A causal dynamics engine
for science and engineering.

The Universal Discovery Engine

CDE discovers causal structure, governing equations, and directed mechanisms from observational and experimental data. Identify what drives what, what changes under intervention, and which experiment resolves ambiguity fastest.

Go from raw data to causal understanding your team can review, test, and defend.

CDE — Causal Dynamics Engine, pipeline visualization

What CDE Gives Teams

Causal structure from the data you already have.

CDE discovers directed causal mechanisms, governing equations, and interpretable dynamics from observational and experimental data. Method selection happens internally. Output is causal claims your team can review, test, and act on.

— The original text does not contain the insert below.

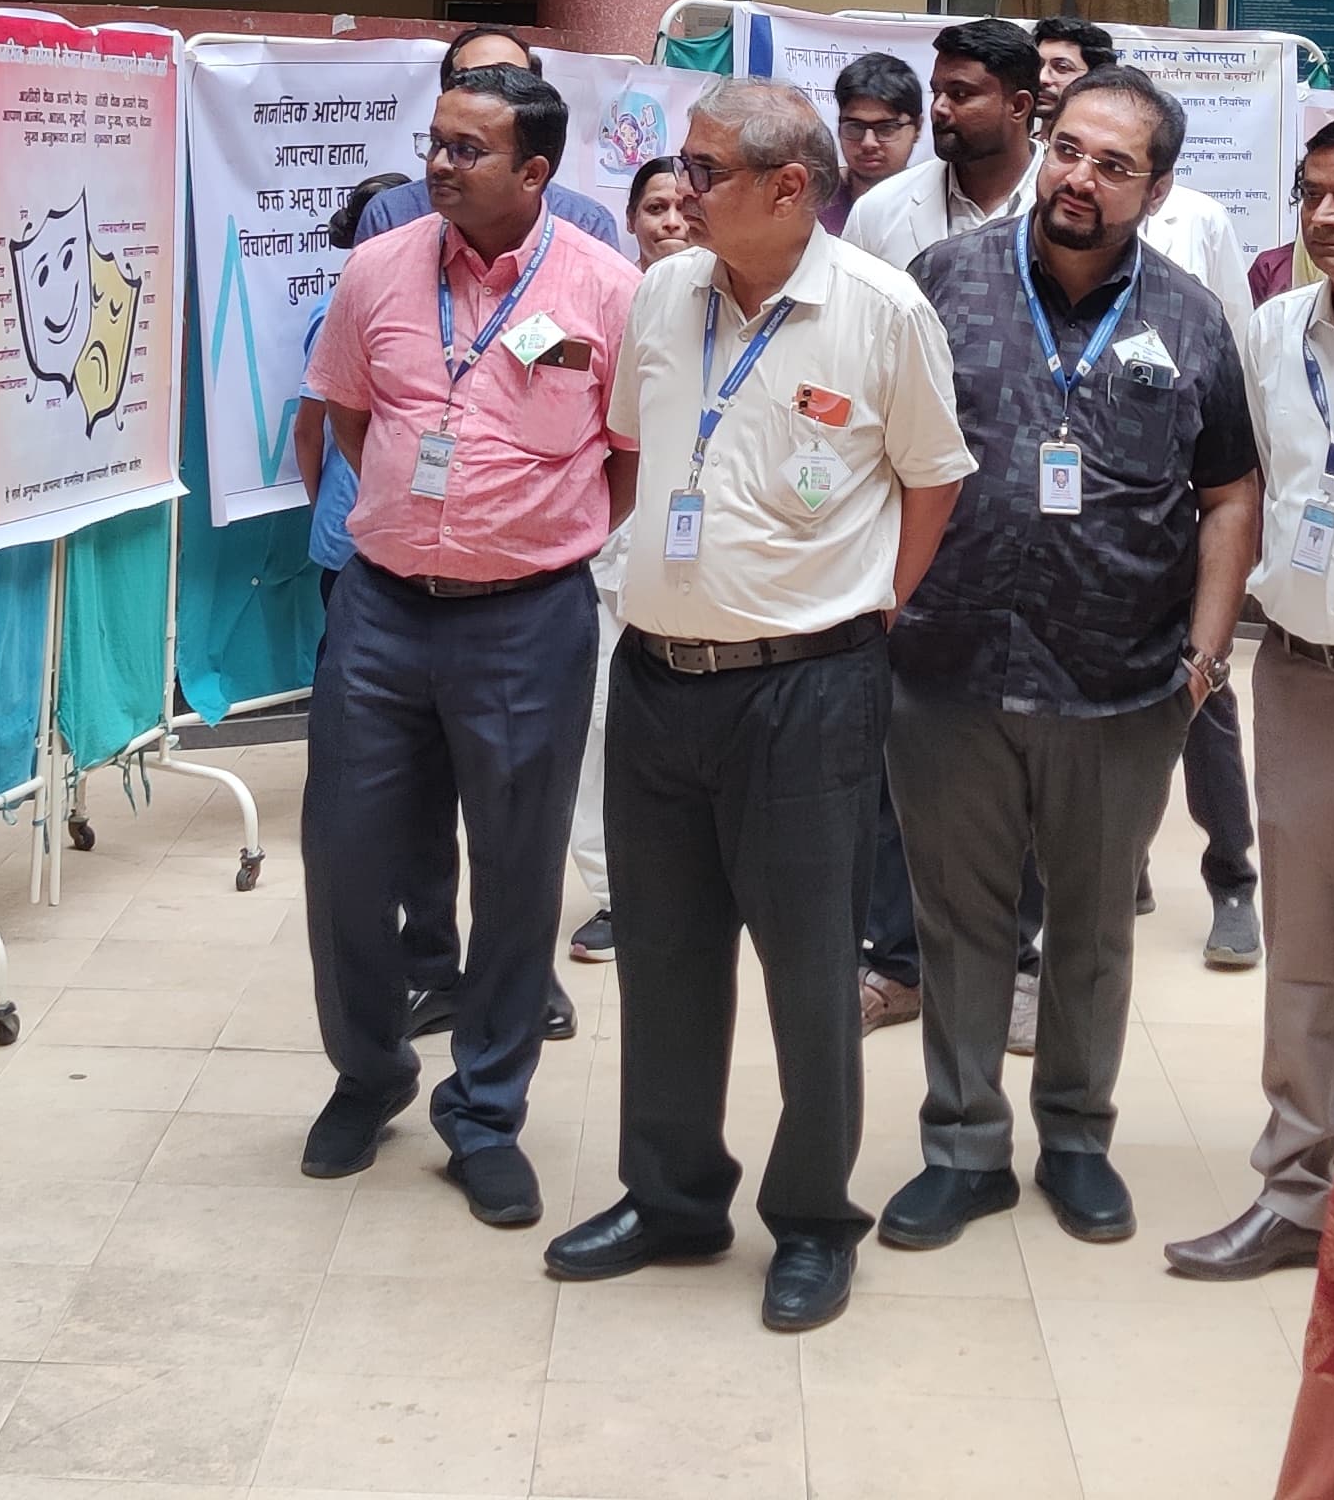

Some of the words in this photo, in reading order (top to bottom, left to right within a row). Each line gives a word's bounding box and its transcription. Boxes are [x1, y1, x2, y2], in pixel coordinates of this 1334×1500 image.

Access CDE through API, SDK, CLI, MCP, or guided workflows. Every path leads to the same result: a repeatable process from raw observations to governed, reviewable findings.

See integration options

Discovers causal structure

Traces directed influence across variables, produces causal graphs with probabilities and identifiability scores, and shows what drives what.

Discovers governing equations

Extracts the equations behind a system, from compact laws to regime-dependent dynamics, grounded in causal relationships rather than curve fitting.

Profiles and routes automatically

Characterizes your data, selects the right internal methods, and starts causal discovery from the actual structure of the problem.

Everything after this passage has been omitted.